Liu ailesi o zamana kadar kaçmış olacaktı.
Ve onlar Patron Liu’nun desteğiydi.
Doğal olarak, destekçilerini takip etmek zorundaydı.
Bunu öğrendikten sonra, Liu ailesinin üçüncü genç efendisine umutsuzca yaltaklandı.
Durumu gören Yang Madman, Liu Susu’dan hemen uzaklaştı.
Genç Efendi Liu’nun Liu Susu’ya ilgi duyduğunu bildiğinden, şarap masasında onu kasıtlı olarak kendisine doğru itti.
Bu durum Patron Liu’yu kızdırdı.
Eğer biri onu ele verecekse, bu o olmalıydı, Yang Madman, o uşak değil.
Ancak yapabileceği bir şey yoktu; Yang Madman aslen Liu ailesindendi ve bu yüzden Liu Susu’yu kendisiyle evlenmesi için ayarlamıştı.
Ama şimdi, yeni ve daha güçlü bir destekçiyle, doğal olarak taraf değiştirmek zorundaydı.
Her iki adam da aynı fikre sahipti ama ikisi de bu kozu istiyordu!
Aralarındaki rekabetin aksine, Genç Efendi Liu bu durumdan keyif alıyordu.
İçtenlikle yedi ve içti.
Ancak, kapının dışında çömelmiş duran Hu San’ın bakışları son derece soğuktu.
Patron Liu’nun evlatlık kızına karşı bu kadar kalpsiz ve duygusuz olmasını hiç beklemiyordu.
Patron Liu ilk yıllarında gezgin bir korumaydı.
Ancak bir iç yaralanma geçirdikten sonra Qingshan Kasabası’na yerleşti.
Hem onu hem de Liu Susu’yu sokaktan toplamıştı.
Daha sonra, bilinmeyen nedenlerden dolayı Liu ailesine bağlandı ve özellikle Yang Madman geldikten sonra daha da soğuklaştı.

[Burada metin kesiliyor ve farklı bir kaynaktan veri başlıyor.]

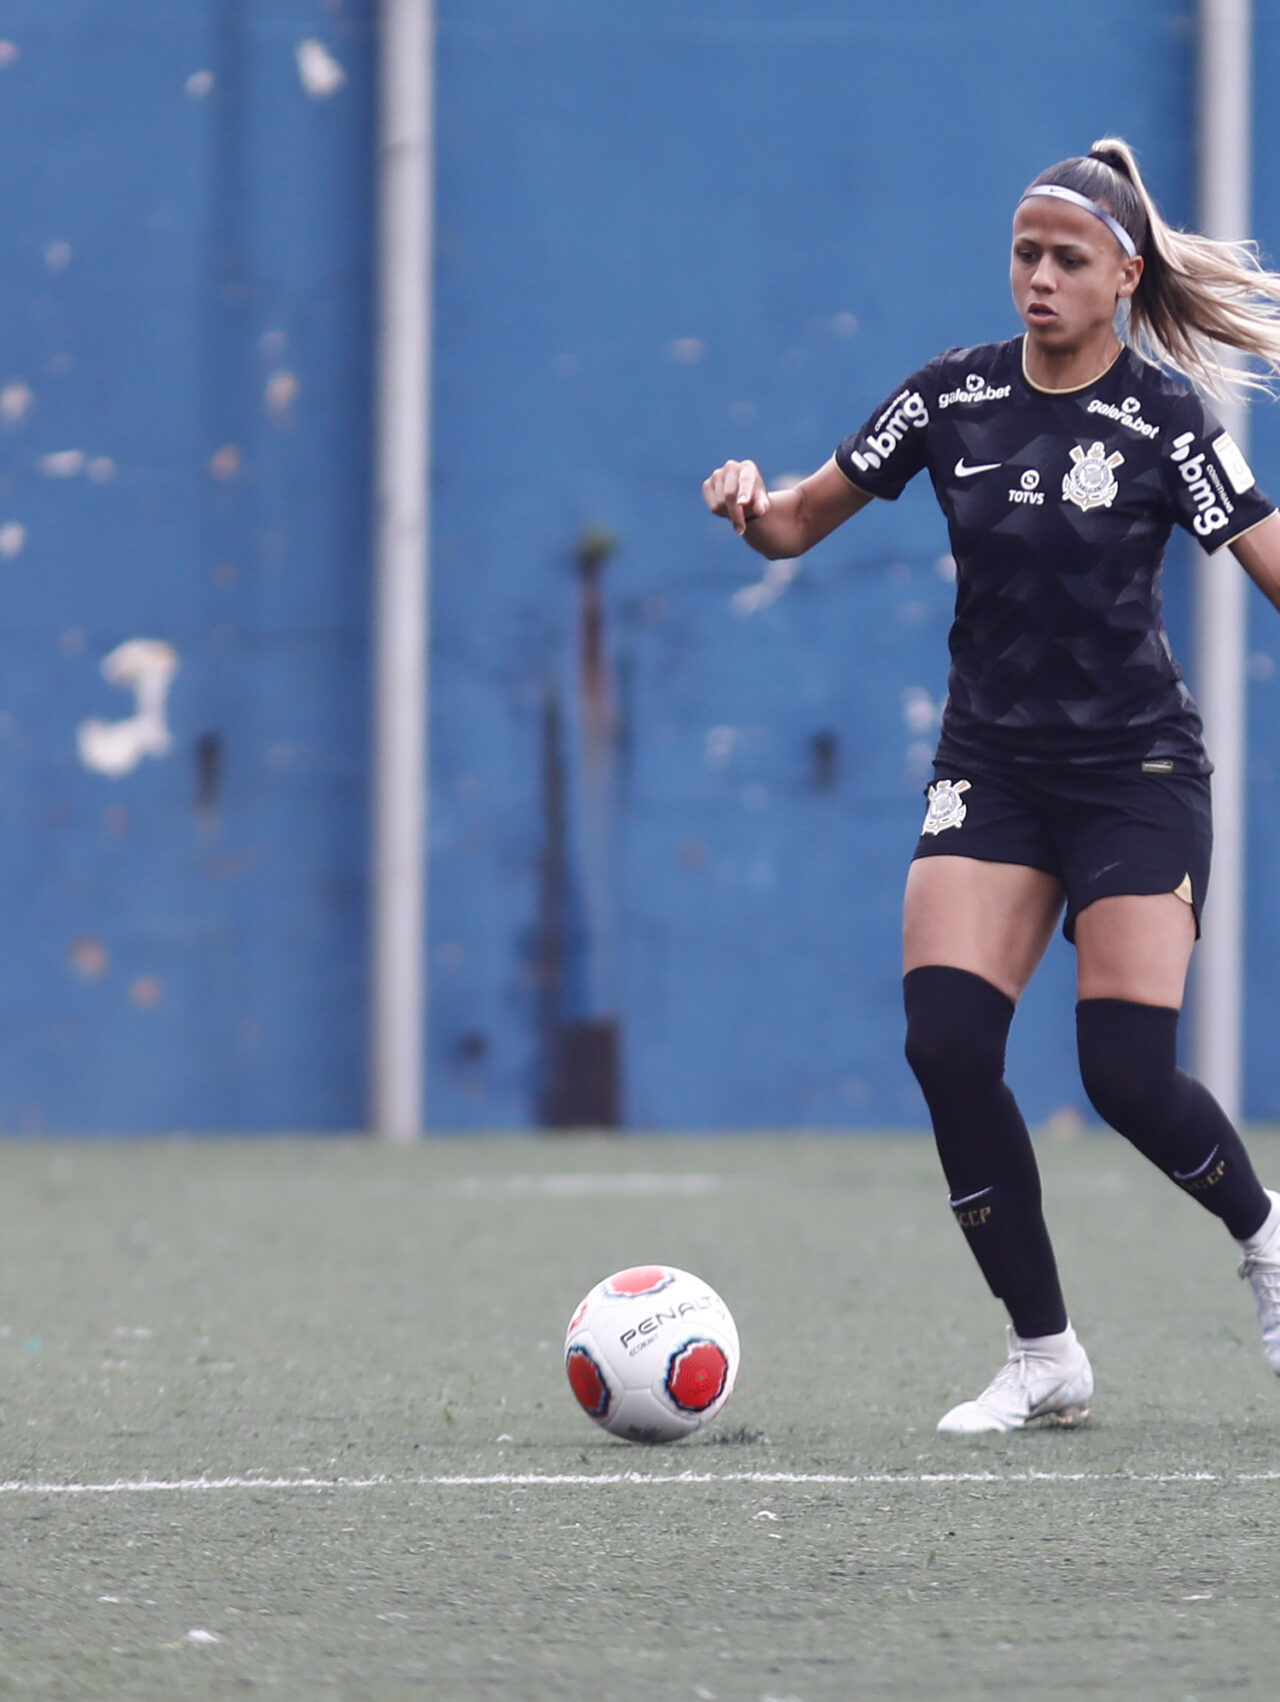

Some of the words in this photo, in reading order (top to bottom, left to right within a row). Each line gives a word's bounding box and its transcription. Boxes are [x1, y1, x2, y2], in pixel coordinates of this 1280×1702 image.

Ancak iyiliğinin karşılığını ödemek için her zaman Patron Liu’ya itaat etti.
Bu kez Liu Susu için direnmeyi seçti.
Odanın içindeki gürültüyü dinleyerek ayağa kalktı ve Jian Wushuang ile Xiang Yang’ın bulunduğu barakaya doğru yürüdü.
“Harekete geçme vakti geldi. O askerler neredeyse sarhoş oldu!”
“Şimdi mi?” Xiang Yang tereddüt etti.
Ancak Jian Wushuang sakinliğini korudu. Bu tür şeyleri birçok kez yapmıştı ve doğal olarak gergin olmazdı.